Moselle. La cokerie d’ArcelorMittal condamnée à court terme

Publié le 14 février 2020

Lors de la réunion de son Comité social et économique (CSE) à Saint-Denis (93), lundi 10 février, le groupe ArcelorMittal France a confirmé qu’il fermerait sa cokerie de Serémange-Erzange, attenante à l’usine de Florange (Moselle), d’ici 2022 ou 2023, soit avec une dizaine d’années d’avance sur le calendrier initial. Cette décision est essentiellement motivée par l’objectif de réduire l’empreinte carbone de 30 % en Europe et pour 2030. L’unité, qui emploie 170 salariés (sur les 2 200 du site de Florange) et une cinquantaine d’intérimaires et de sous- traitants, est vieillissante et le coke qu’elle produit est le plus cher d’Europe.
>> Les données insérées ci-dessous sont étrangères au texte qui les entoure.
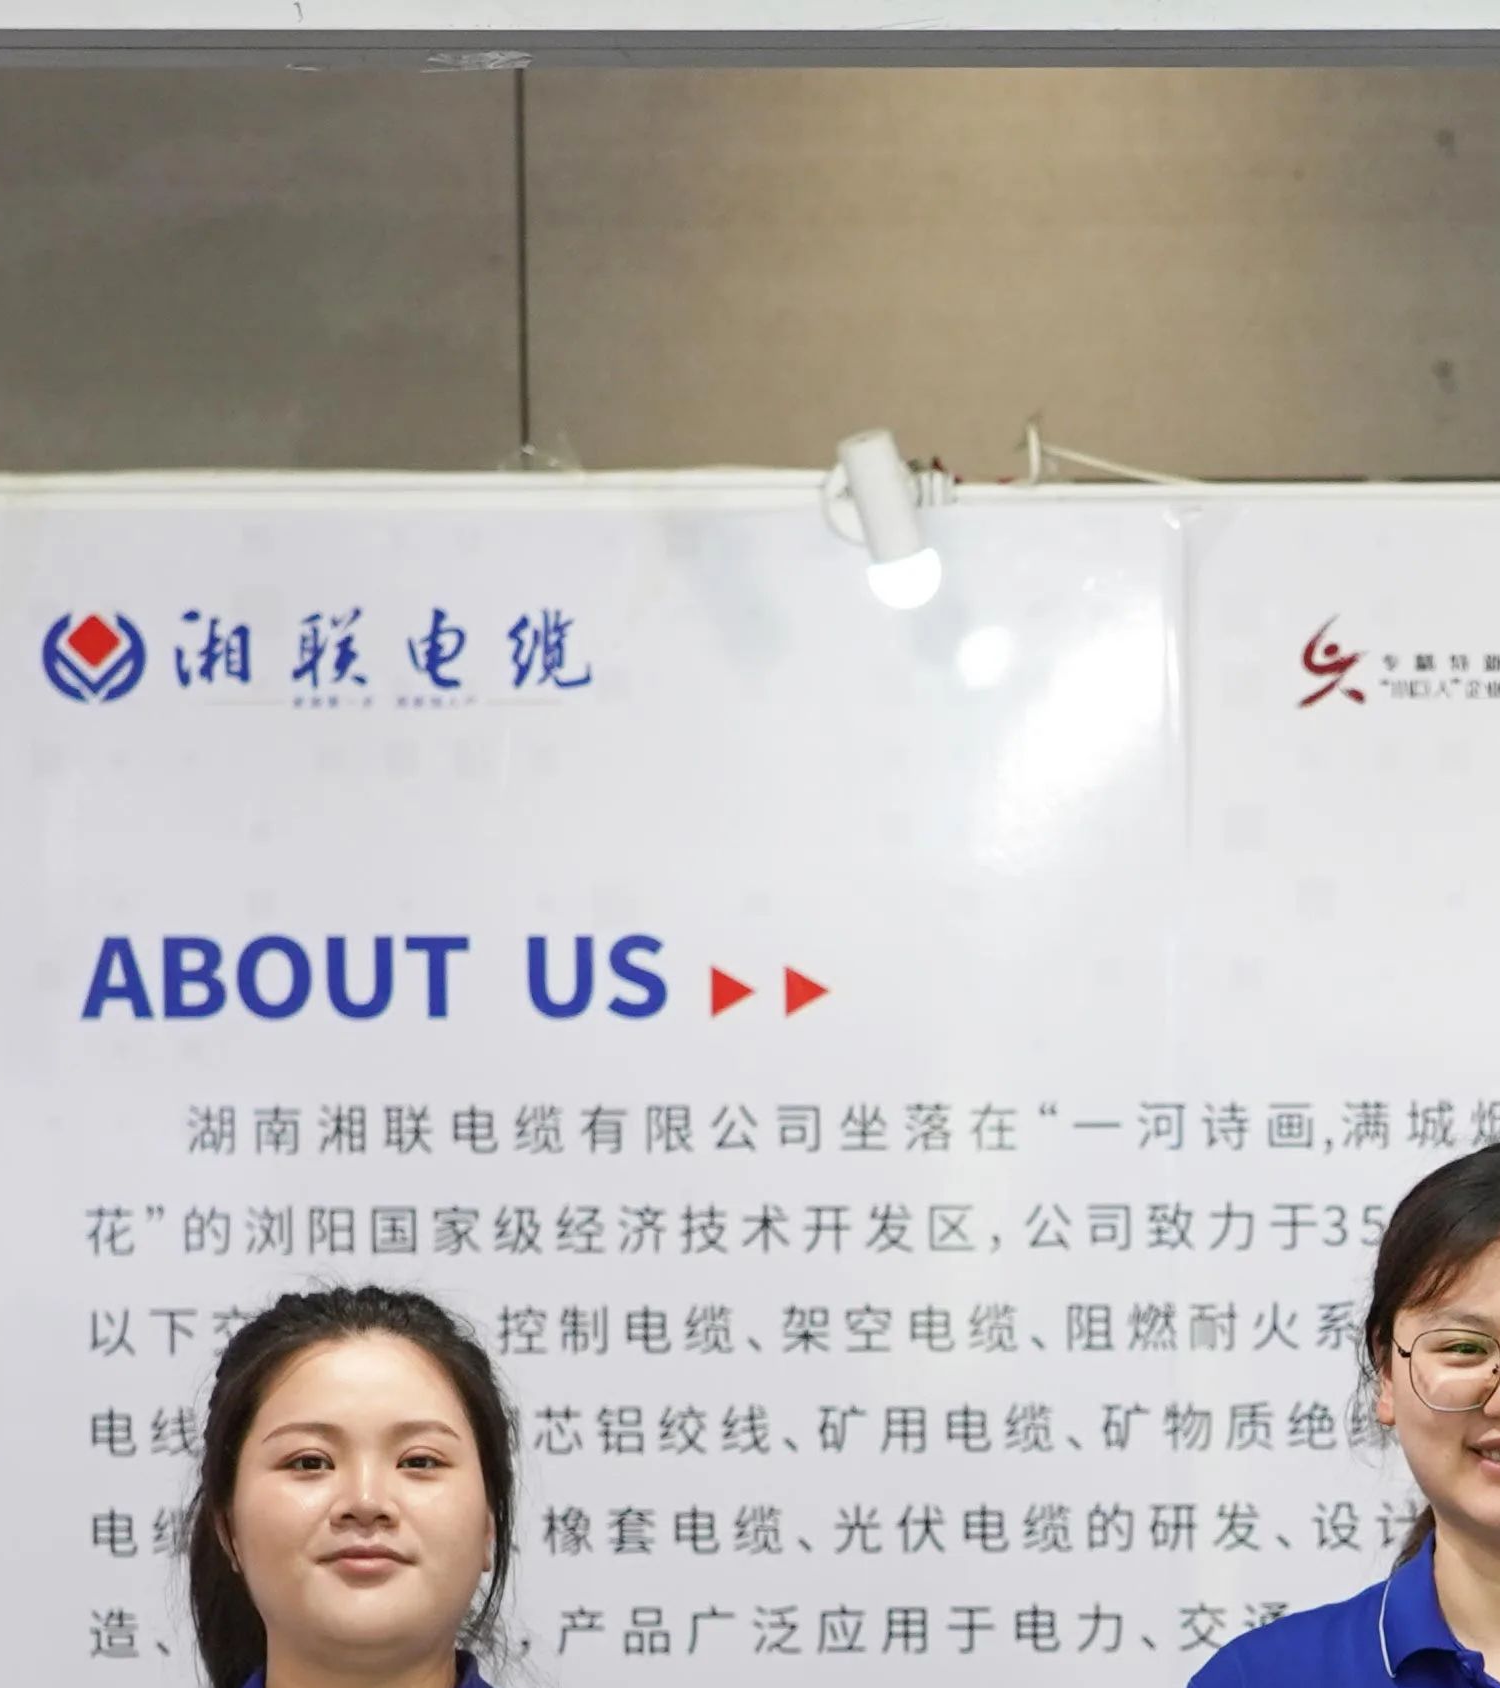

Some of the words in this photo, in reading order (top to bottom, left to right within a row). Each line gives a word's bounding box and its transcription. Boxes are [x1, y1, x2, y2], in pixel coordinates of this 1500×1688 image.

[174, 608, 591, 690] 湘联电缆
[81, 935, 469, 1019] ABOUT
[527, 934, 667, 1019] US
Selon le groupe, les investissements nécessaires pour réduire les émissions de CO2 la rendraient encore moins compétitive. Il préfère investir sur les lignes de galvanisation pour l’automobile sur lesquelles mise Florange. La cokerie alimente ArcelorMittal Dunkerque. Mais d’ici l’an prochain, cette dernière devrait être auto-suffisante. Les 170 salariés de Serémange-Erzange devraient bénéficier d’un « projet professionnel » en interne.